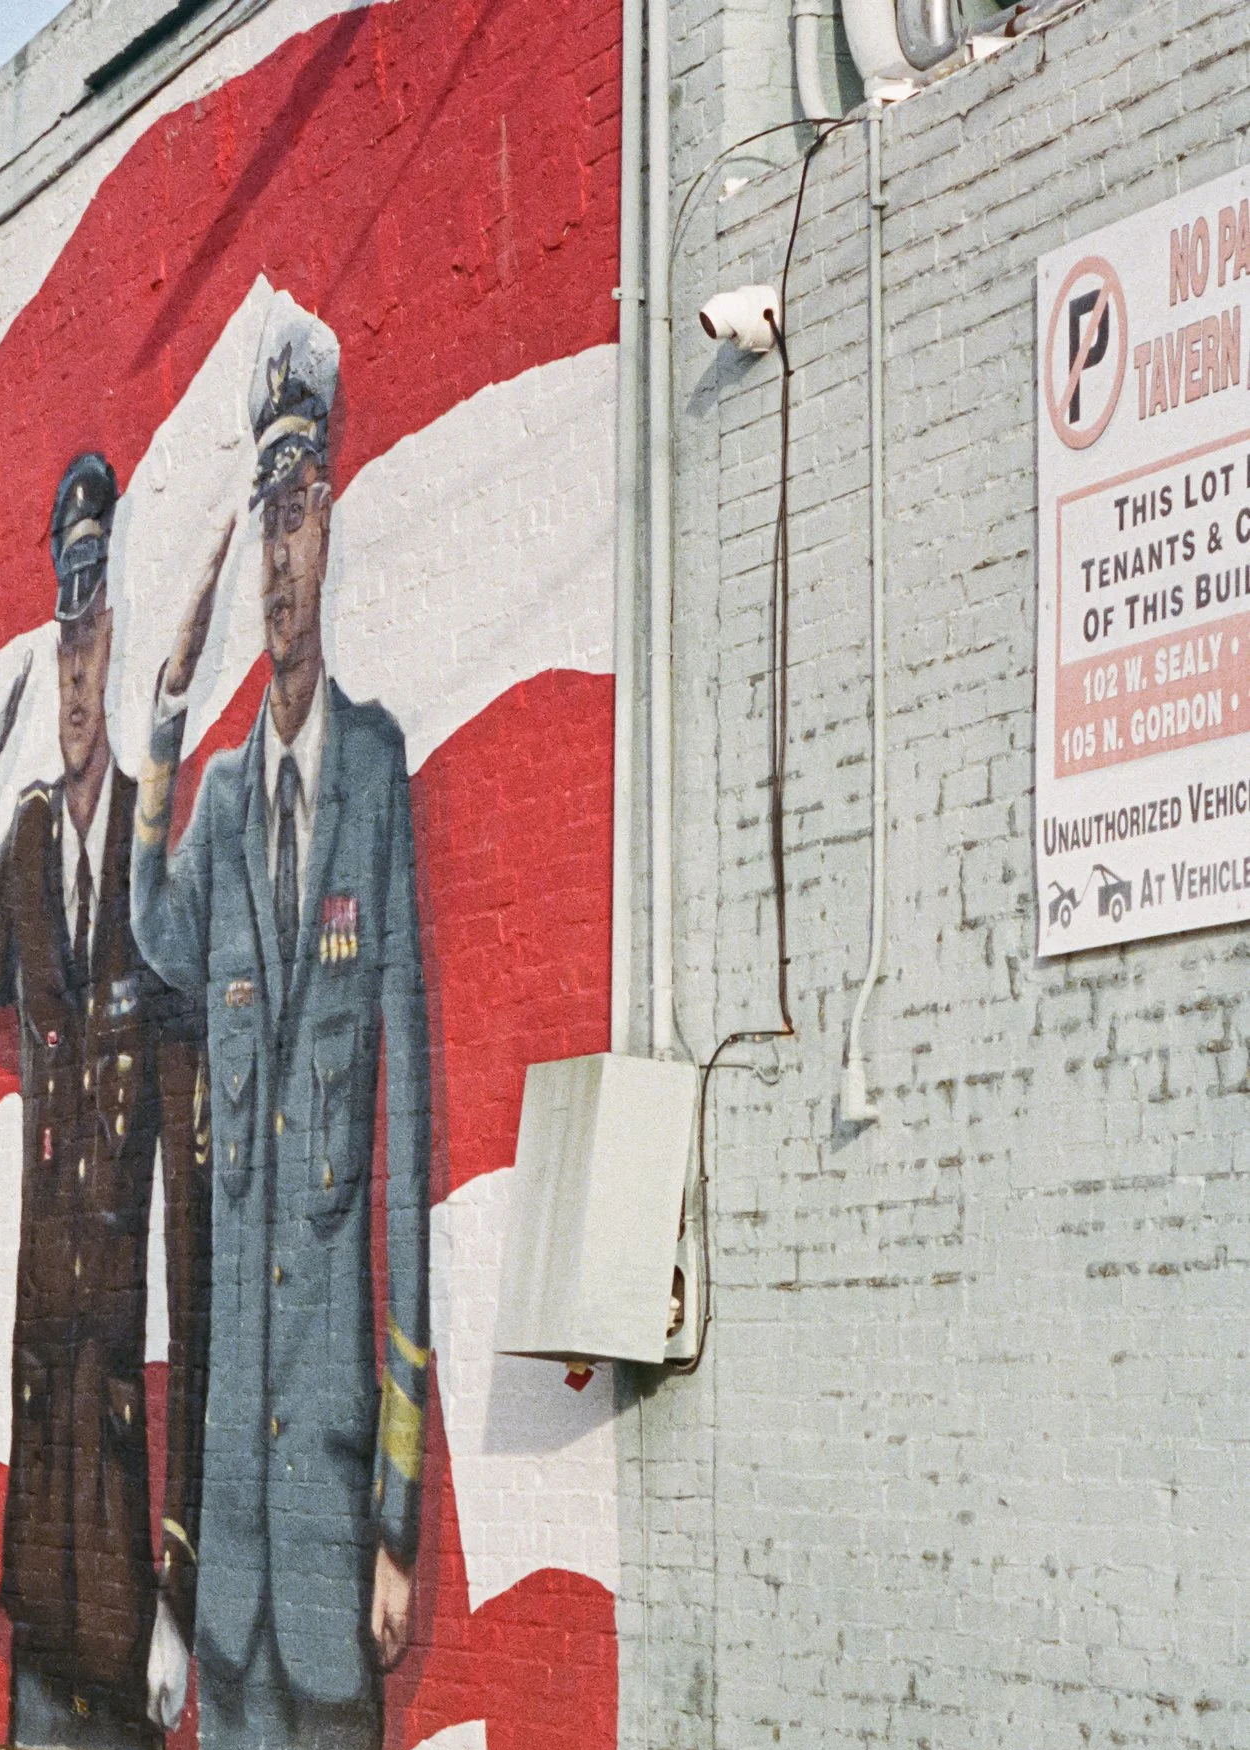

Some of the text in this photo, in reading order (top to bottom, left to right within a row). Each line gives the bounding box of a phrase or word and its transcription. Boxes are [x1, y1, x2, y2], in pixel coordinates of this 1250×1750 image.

[1170, 215, 1210, 307] NO
[1133, 305, 1241, 421] TAVERN
[1114, 484, 1173, 531] THIS
[1184, 463, 1234, 510] LOT
[1081, 529, 1196, 593] TENANTS
[1207, 521, 1223, 554] &
[1083, 605, 1114, 643] OF
[1124, 584, 1184, 631] THIS
[1082, 631, 1224, 706] 102 W. SEALY
[1061, 688, 1223, 764] 105 N. GORDON
[1043, 796, 1181, 858] UNAUTHORIZED
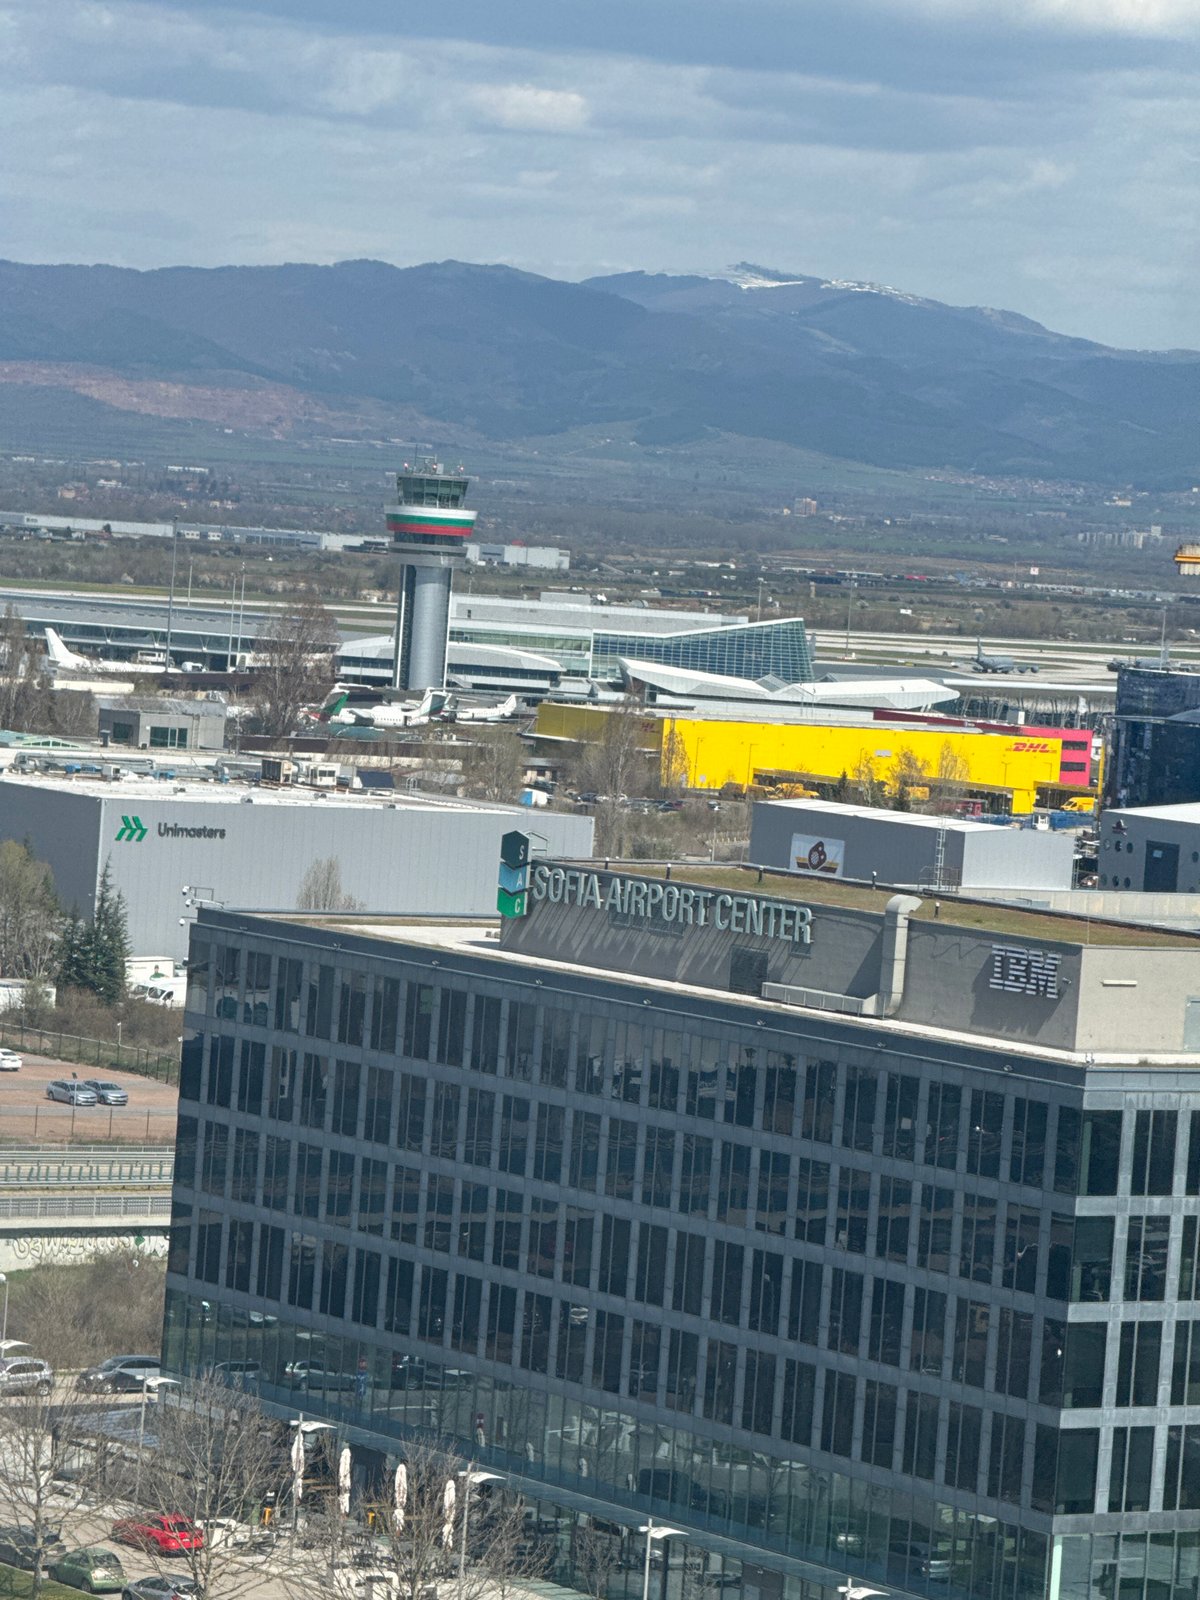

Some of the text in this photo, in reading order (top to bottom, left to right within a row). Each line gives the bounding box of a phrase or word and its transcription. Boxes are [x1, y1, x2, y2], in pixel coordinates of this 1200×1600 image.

[1012, 742, 1051, 753] DHL
[158, 822, 226, 839] Unimasters
[532, 866, 812, 944] SOFIA AIRPORT CENTER
[989, 944, 1060, 999] IBM

» **Problem statement**:
Although the records contain pictures, your copy should hold only the text, reproduced exactly.

» **Answer section**:
Some of the text in this photo, in reading order (top to bottom, left to right within a row). Each line gives the bounding box of a phrase or word and its transcription. Boxes are [x1, y1, x2, y2], in pixel coordinates of this 1250×1750 image.

[1170, 215, 1210, 307] NO
[1133, 305, 1241, 421] TAVERN
[1114, 484, 1173, 531] THIS
[1184, 463, 1234, 510] LOT
[1081, 529, 1196, 593] TENANTS
[1207, 521, 1223, 554] &
[1083, 605, 1114, 643] OF
[1124, 584, 1184, 631] THIS
[1082, 631, 1224, 706] 102 W. SEALY
[1061, 688, 1223, 764] 105 N. GORDON
[1043, 796, 1181, 858] UNAUTHORIZED

Some of the text in this photo, in reading order (top to bottom, left to right within a row). Each line gives the bounding box of a phrase or word and its transcription. Boxes are [x1, y1, x2, y2], in pixel coordinates of this 1200×1600 image.

[1012, 742, 1051, 753] DHL
[158, 822, 226, 839] Unimasters
[532, 866, 812, 944] SOFIA AIRPORT CENTER
[989, 944, 1060, 999] IBM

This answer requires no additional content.